PROBLEM REQUIREMENTS
The answer must be an exact copy of every entry, with no pictures in it.

Recorded data
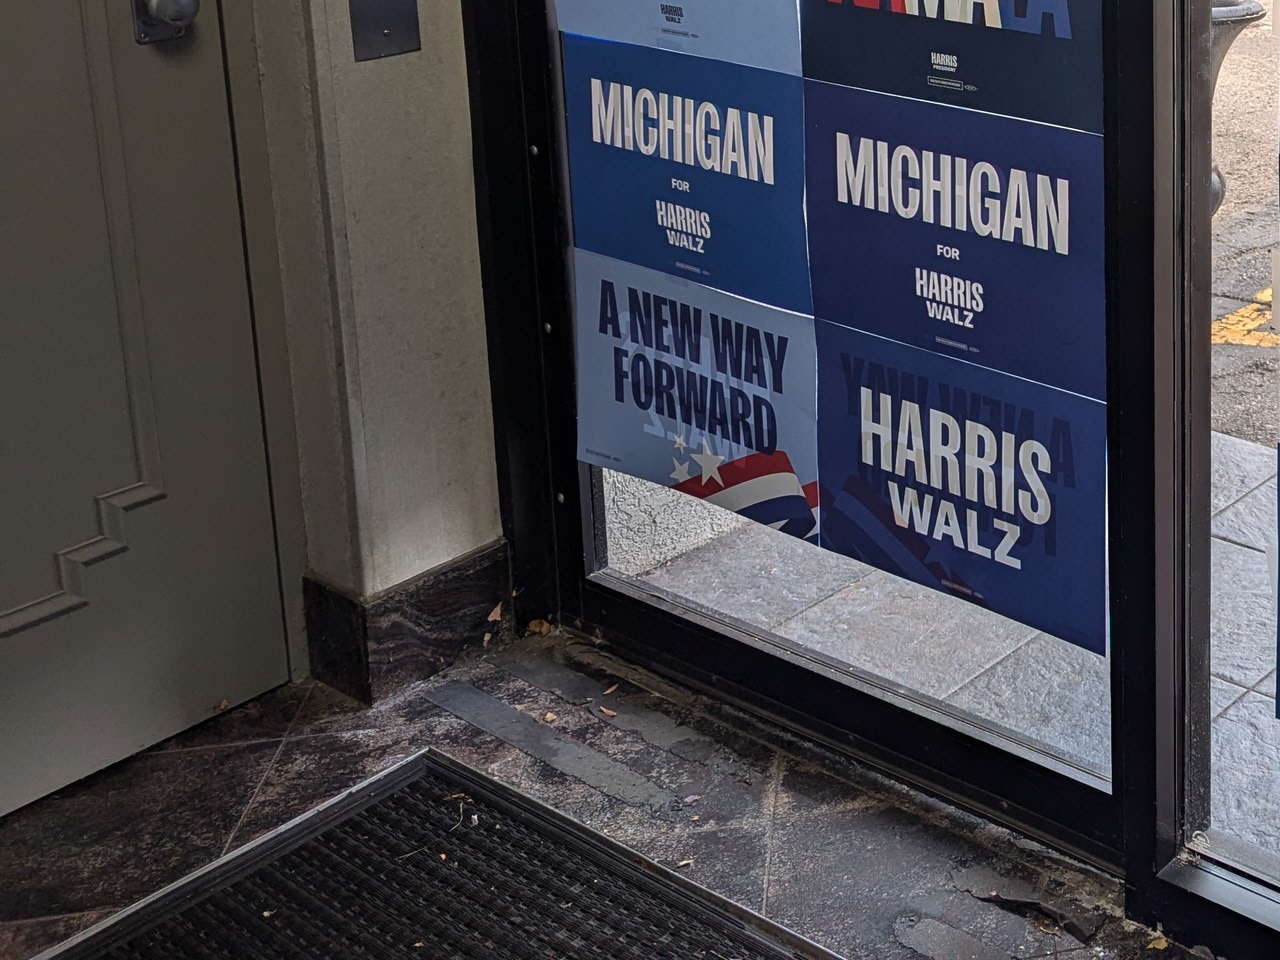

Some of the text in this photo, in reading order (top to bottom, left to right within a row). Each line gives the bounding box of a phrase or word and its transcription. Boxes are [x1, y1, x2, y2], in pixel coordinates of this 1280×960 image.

[660, 3, 684, 18] HARRIS
[931, 51, 958, 68] HARRIS
[590, 77, 775, 186] MICHIGAN
[671, 177, 691, 193] FOR
[835, 131, 1070, 257] MICHIGAN
[655, 198, 711, 240] HARRIS
[666, 228, 705, 255] WALZ
[936, 243, 961, 262] FOR
[914, 266, 984, 313] HARRIS
[598, 278, 789, 395] A NEW WAY
[925, 300, 974, 330] WALZ
[612, 345, 779, 456] FORWARD
[859, 385, 1053, 526] HARRIS
[887, 480, 1022, 571] WALZ
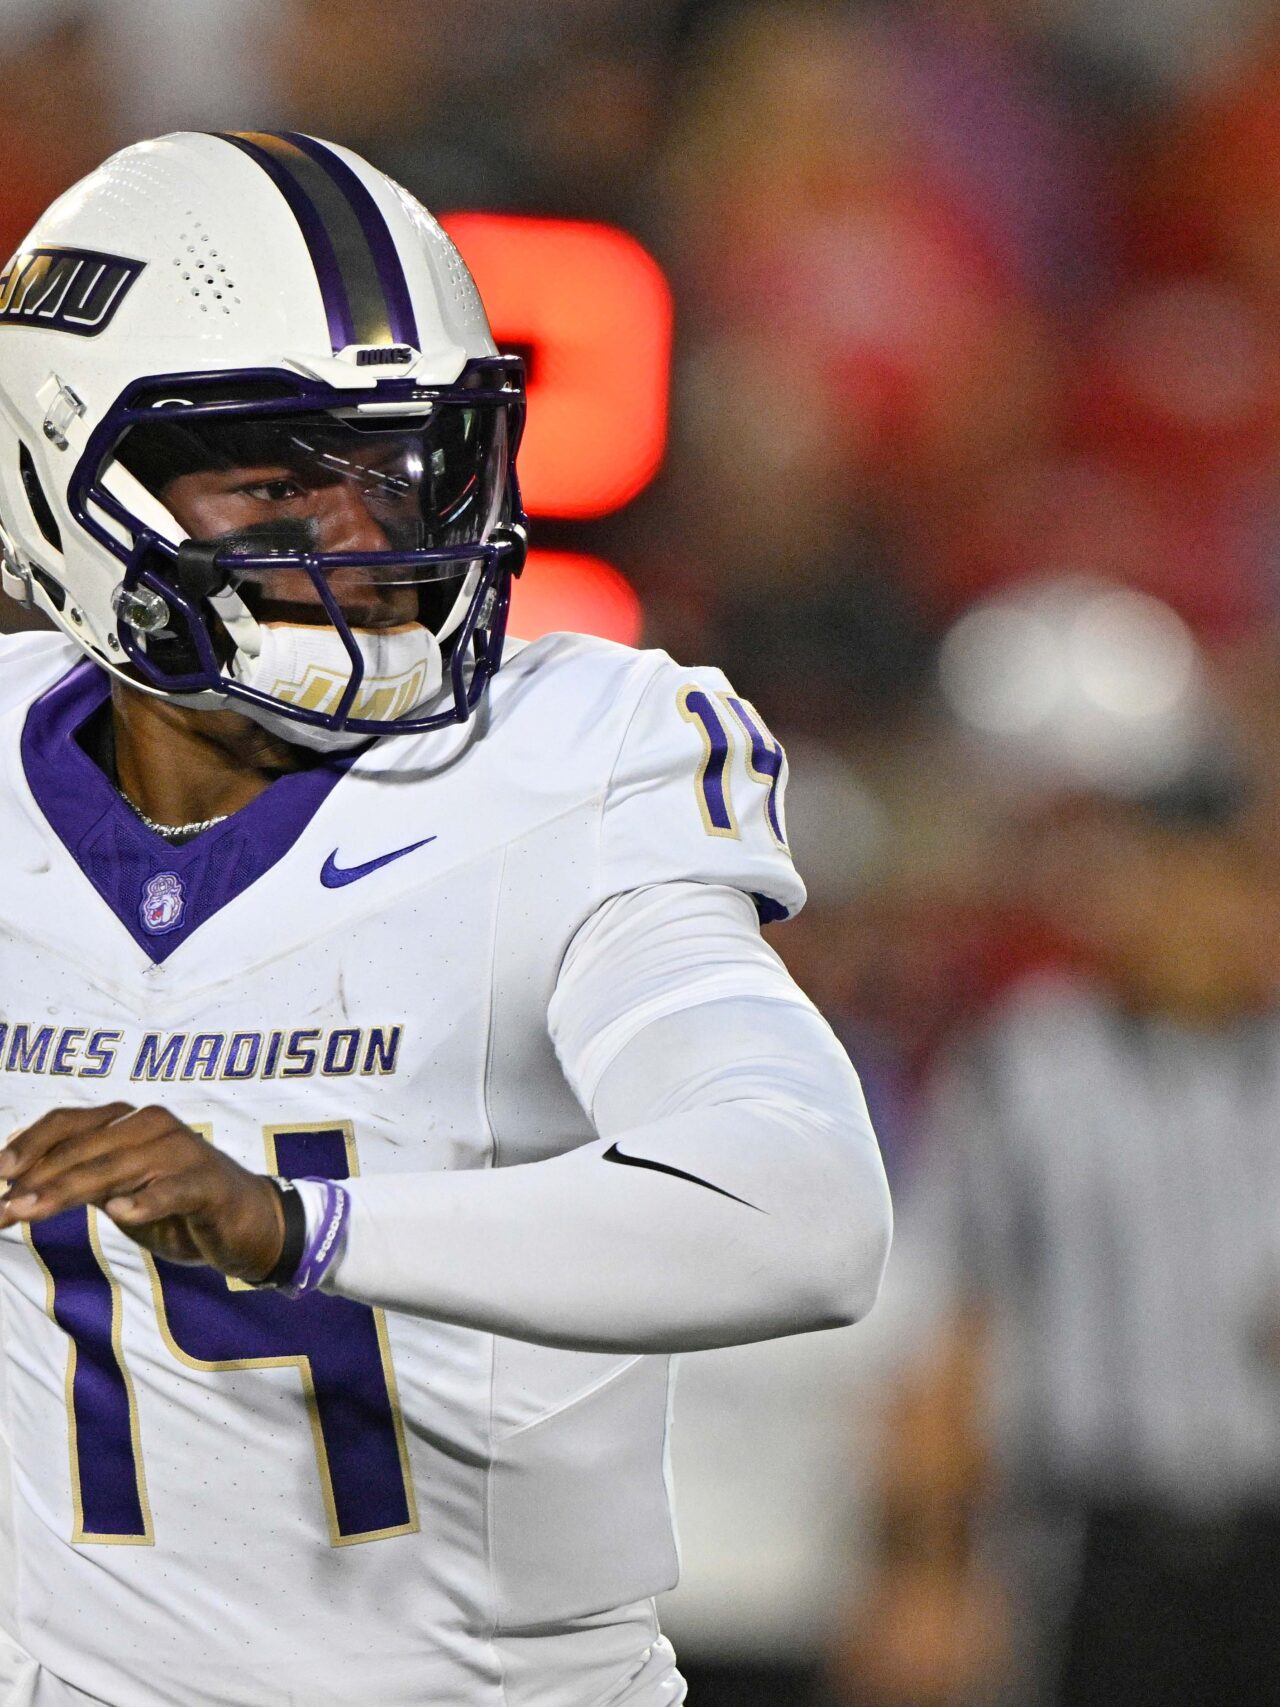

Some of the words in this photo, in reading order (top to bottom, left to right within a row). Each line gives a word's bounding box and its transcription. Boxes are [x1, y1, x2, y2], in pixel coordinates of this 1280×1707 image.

[356, 348, 412, 367] DUKES
[676, 683, 791, 858] 14
[130, 1024, 404, 1081] MADISON
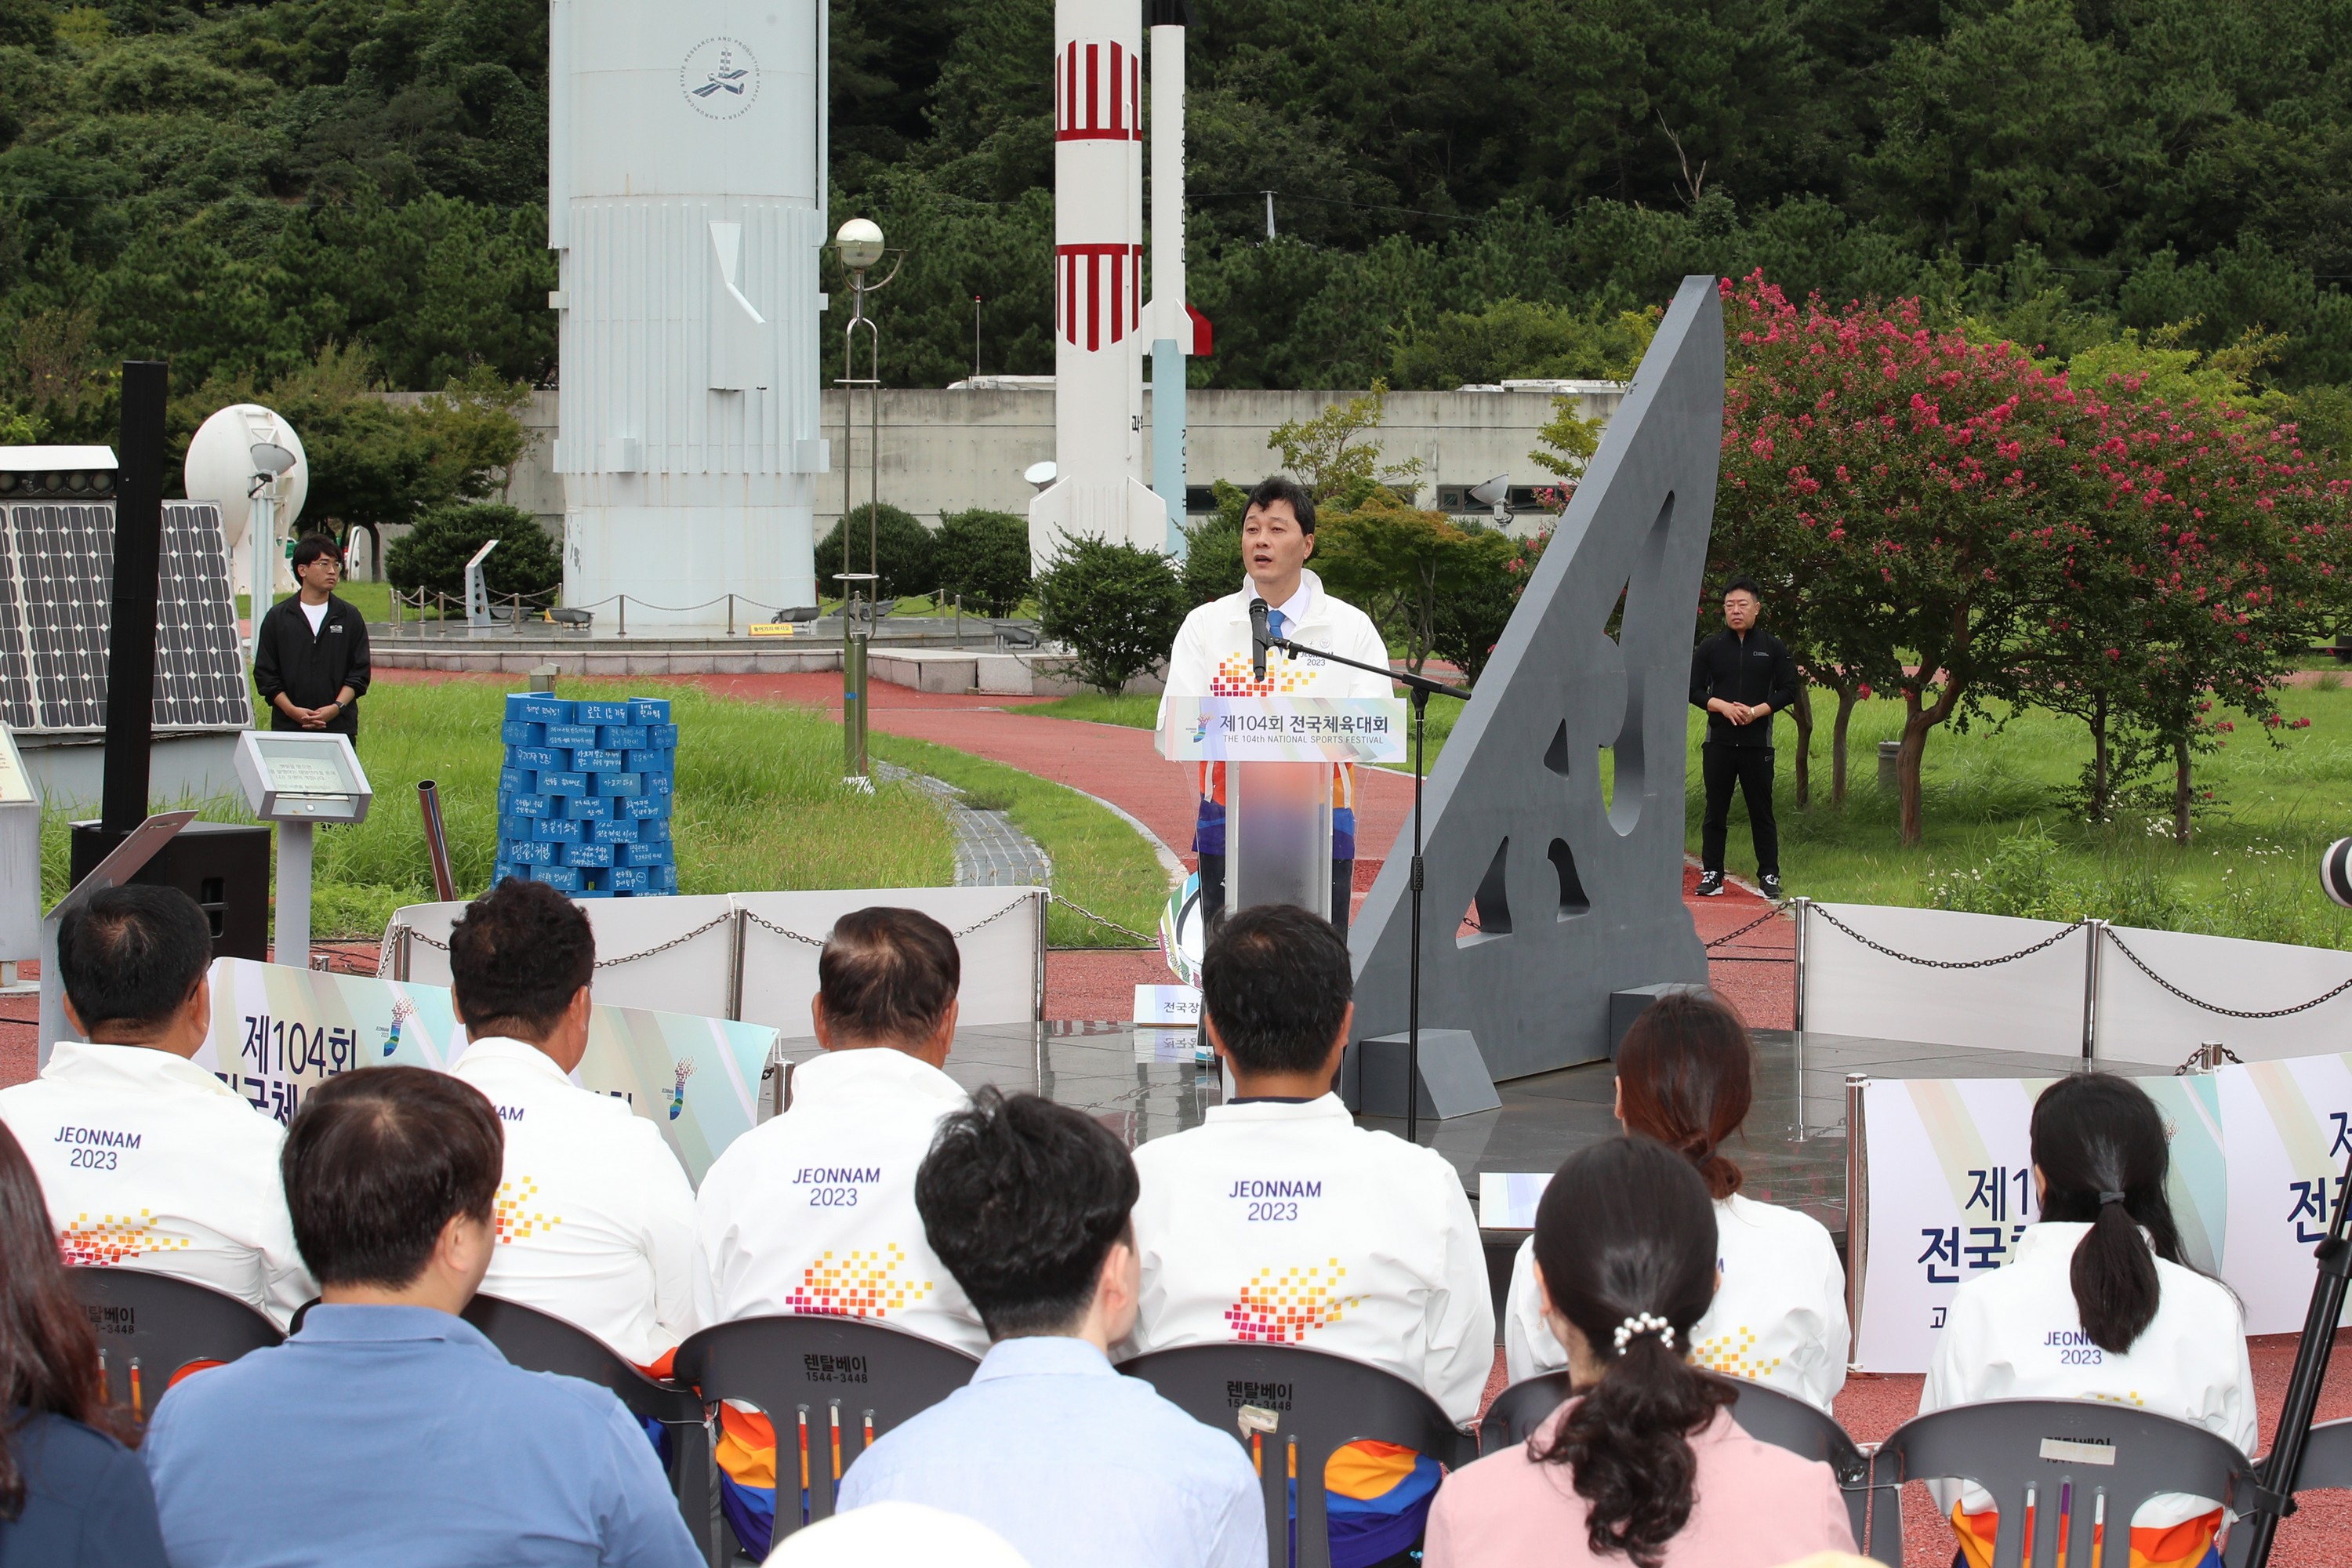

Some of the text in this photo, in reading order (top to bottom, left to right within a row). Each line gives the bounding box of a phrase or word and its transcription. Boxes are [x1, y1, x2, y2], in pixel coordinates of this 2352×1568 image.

[684, 38, 714, 63] RESEARCH
[734, 39, 760, 77] PRODUCTION
[750, 80, 760, 103] SPACE
[728, 103, 752, 120] CENTER
[587, 706, 602, 719] 로또
[1219, 714, 1388, 734] 제104회 전국체육대회
[1242, 735, 1265, 743] 104th
[1267, 735, 1308, 743] NATIONAL
[1310, 735, 1344, 744] SPORTS
[1345, 735, 1384, 744] FESTIVAL
[1167, 951, 1191, 979] JEONNAM
[1163, 1002, 1200, 1014] 전국장
[241, 1014, 357, 1079] 제104회
[54, 1126, 142, 1149] JEONNAM
[70, 1148, 118, 1171] 2023
[792, 1167, 880, 1184] JEONNAM
[810, 1188, 858, 1207] 2023
[1229, 1180, 1322, 1198] JEONNAM
[1965, 1166, 2029, 1222] 제1
[1247, 1202, 1298, 1221] 2023
[1918, 1225, 2027, 1283] 전국
[81, 1305, 135, 1324] 탈베이
[2043, 1331, 2097, 1346] JEON
[804, 1354, 867, 1373] 렌탈베이
[2060, 1349, 2103, 1365] 2023
[806, 1371, 868, 1384] 1544-3448
[1227, 1381, 1292, 1401] 렌탈베이
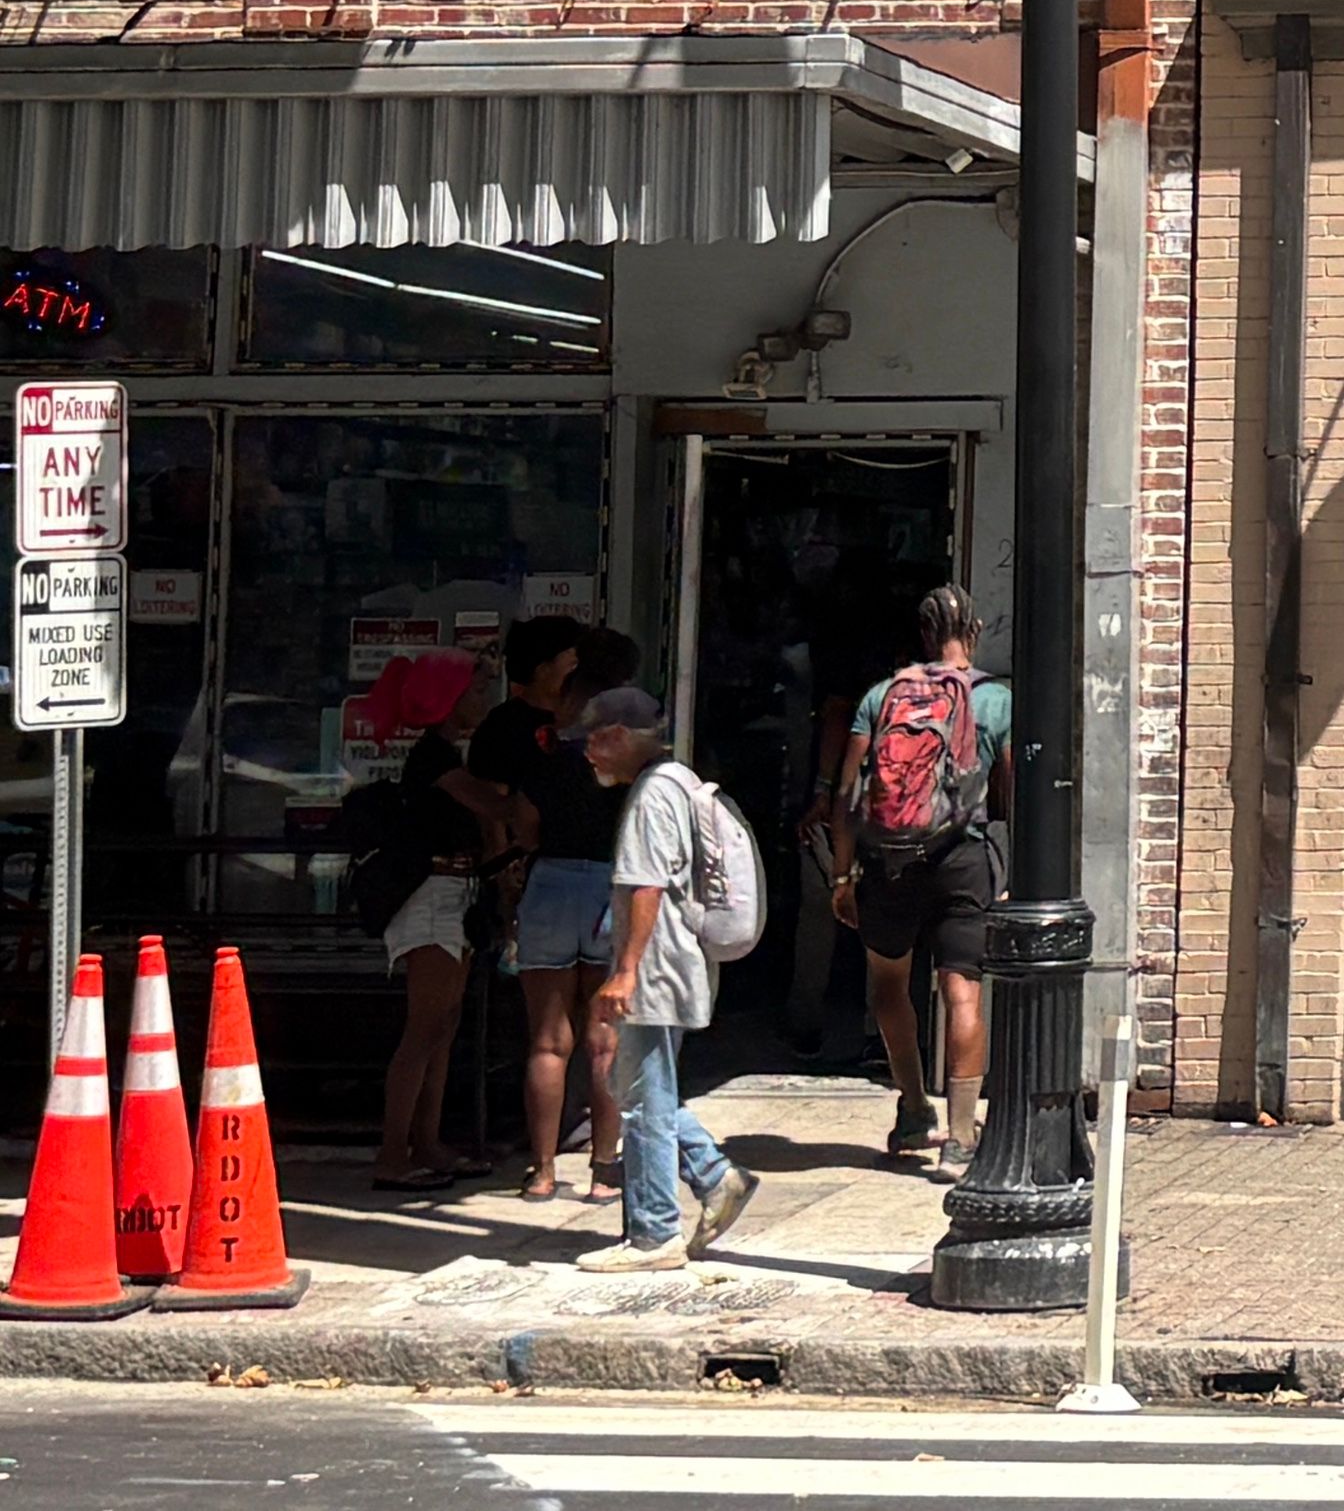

SOLUTION FOR THIS TASK
Some of the text in this photo, in reading order (top to bottom, left to right within a row). Each line gives the bounding box of a phrase or word and its transcription. Boxes are [x1, y1, x2, y2], in pixel coordinates of this 1280×960 image.

[660, 3, 684, 18] HARRIS
[931, 51, 958, 68] HARRIS
[590, 77, 775, 186] MICHIGAN
[671, 177, 691, 193] FOR
[835, 131, 1070, 257] MICHIGAN
[655, 198, 711, 240] HARRIS
[666, 228, 705, 255] WALZ
[936, 243, 961, 262] FOR
[914, 266, 984, 313] HARRIS
[598, 278, 789, 395] A NEW WAY
[925, 300, 974, 330] WALZ
[612, 345, 779, 456] FORWARD
[859, 385, 1053, 526] HARRIS
[887, 480, 1022, 571] WALZ

Some of the words in this photo, in reading order (top to bottom, left to right within a row). Each line gives a word's bounding box and its transcription. Boxes are [x1, y1, x2, y2], in pixel coordinates of this 1280×1707 image.

[356, 348, 412, 367] DUKES
[676, 683, 791, 858] 14
[130, 1024, 404, 1081] MADISON

Some of the text in this photo, in reading order (top to bottom, left to right within a row). Each line gives the bounding box of a phrase or word and its transcription. Boxes are [x1, y1, x2, y2], in pixel coordinates of this 2352×1568 image.

[684, 38, 714, 63] RESEARCH
[734, 39, 760, 77] PRODUCTION
[750, 80, 760, 103] SPACE
[728, 103, 752, 120] CENTER
[587, 706, 602, 719] 로또
[1219, 714, 1388, 734] 제104회 전국체육대회
[1242, 735, 1265, 743] 104th
[1267, 735, 1308, 743] NATIONAL
[1310, 735, 1344, 744] SPORTS
[1345, 735, 1384, 744] FESTIVAL
[1167, 951, 1191, 979] JEONNAM
[1163, 1002, 1200, 1014] 전국장
[241, 1014, 357, 1079] 제104회
[54, 1126, 142, 1149] JEONNAM
[70, 1148, 118, 1171] 2023
[792, 1167, 880, 1184] JEONNAM
[810, 1188, 858, 1207] 2023
[1229, 1180, 1322, 1198] JEONNAM
[1965, 1166, 2029, 1222] 제1
[1247, 1202, 1298, 1221] 2023
[1918, 1225, 2027, 1283] 전국
[81, 1305, 135, 1324] 탈베이
[2043, 1331, 2097, 1346] JEON
[804, 1354, 867, 1373] 렌탈베이
[2060, 1349, 2103, 1365] 2023
[806, 1371, 868, 1384] 1544-3448
[1227, 1381, 1292, 1401] 렌탈베이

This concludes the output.